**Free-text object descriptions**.
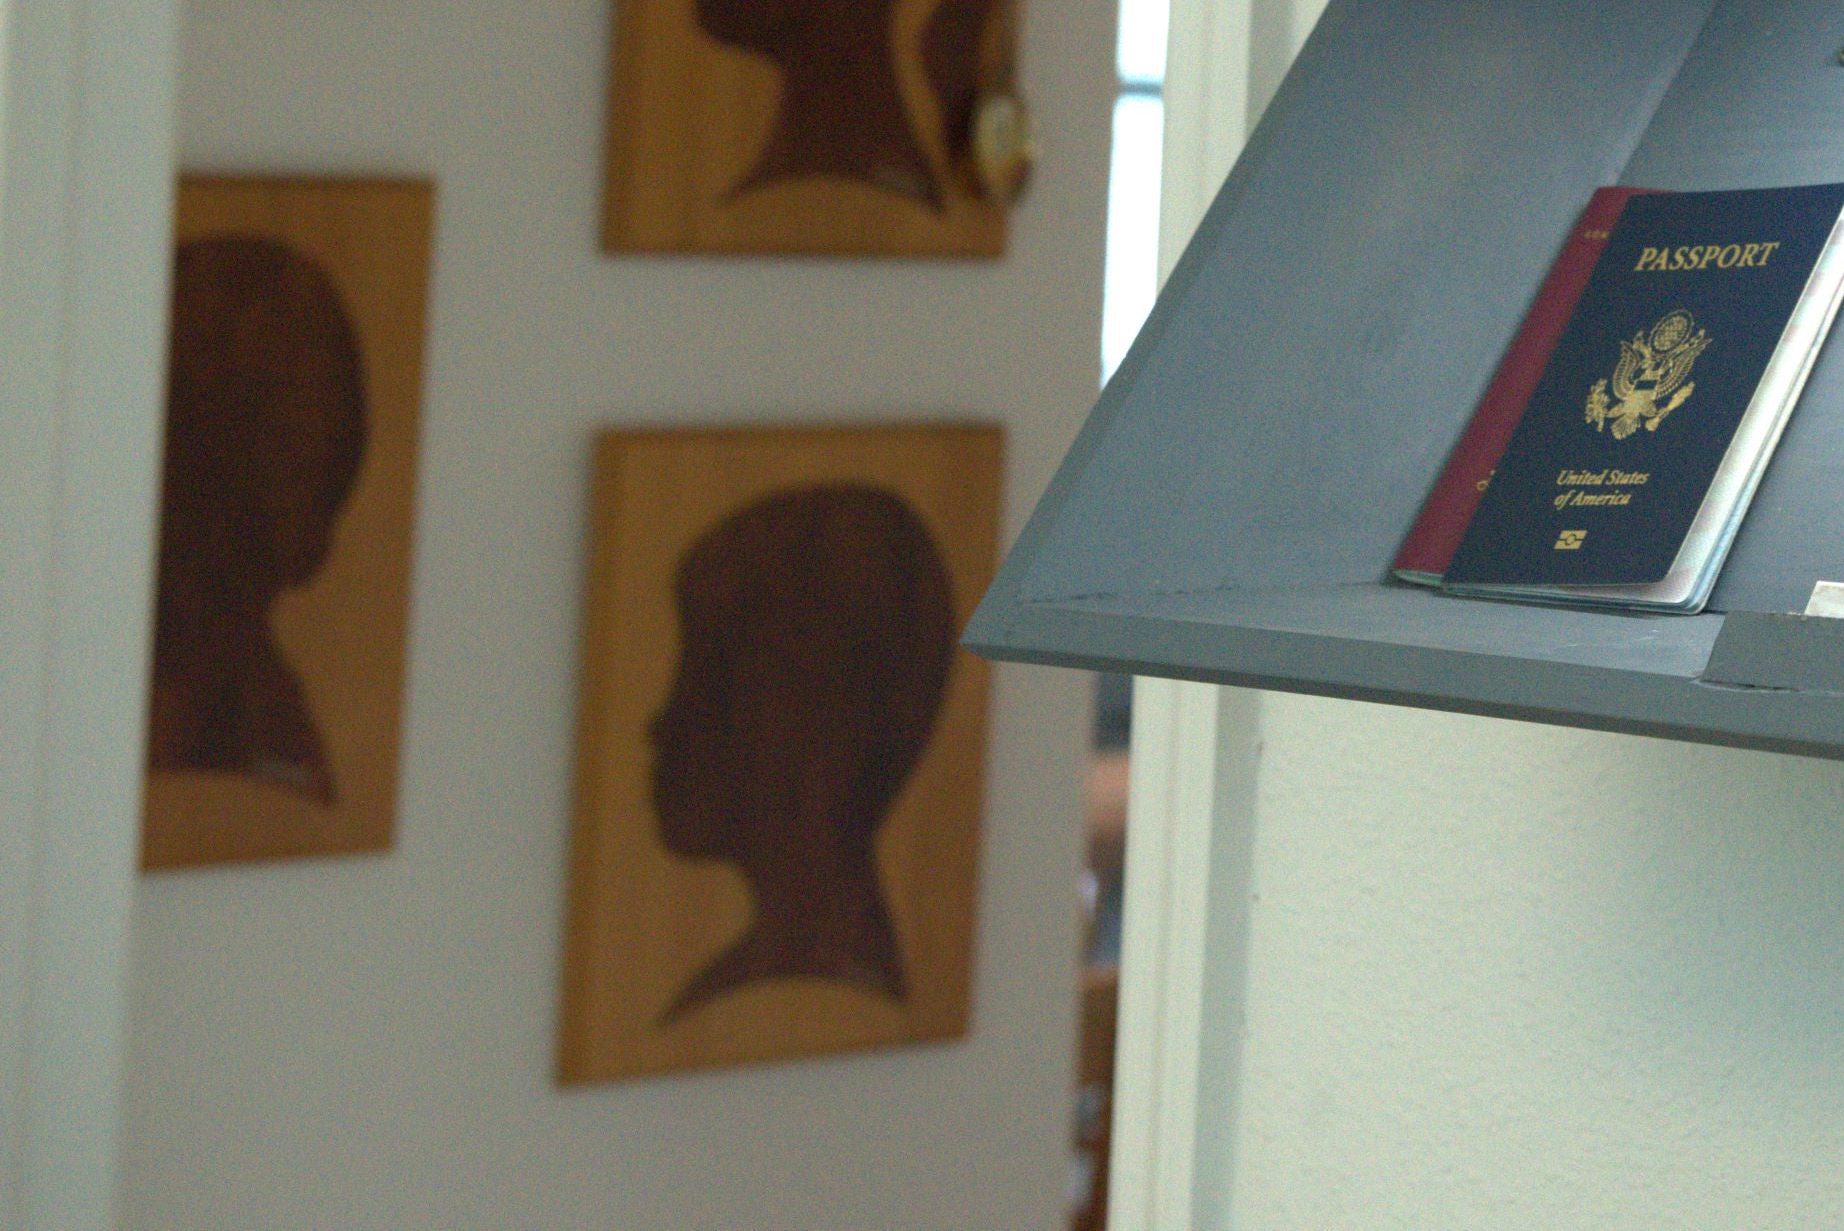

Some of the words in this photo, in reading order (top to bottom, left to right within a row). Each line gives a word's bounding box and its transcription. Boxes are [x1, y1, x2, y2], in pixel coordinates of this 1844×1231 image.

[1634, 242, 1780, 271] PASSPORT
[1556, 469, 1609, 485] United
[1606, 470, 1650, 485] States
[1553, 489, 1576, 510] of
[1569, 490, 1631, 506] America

**Activity**. Return every line of the data above exactly, and omit all pictures.

**Answer to the problem**.
Some of the words in this photo, in reading order (top to bottom, left to right within a row). Each line gives a word's bounding box and its transcription. Boxes are [x1, y1, x2, y2], in pixel coordinates of this 1844×1231 image.

[1634, 242, 1780, 271] PASSPORT
[1556, 469, 1609, 485] United
[1606, 470, 1650, 485] States
[1553, 489, 1576, 510] of
[1569, 490, 1631, 506] America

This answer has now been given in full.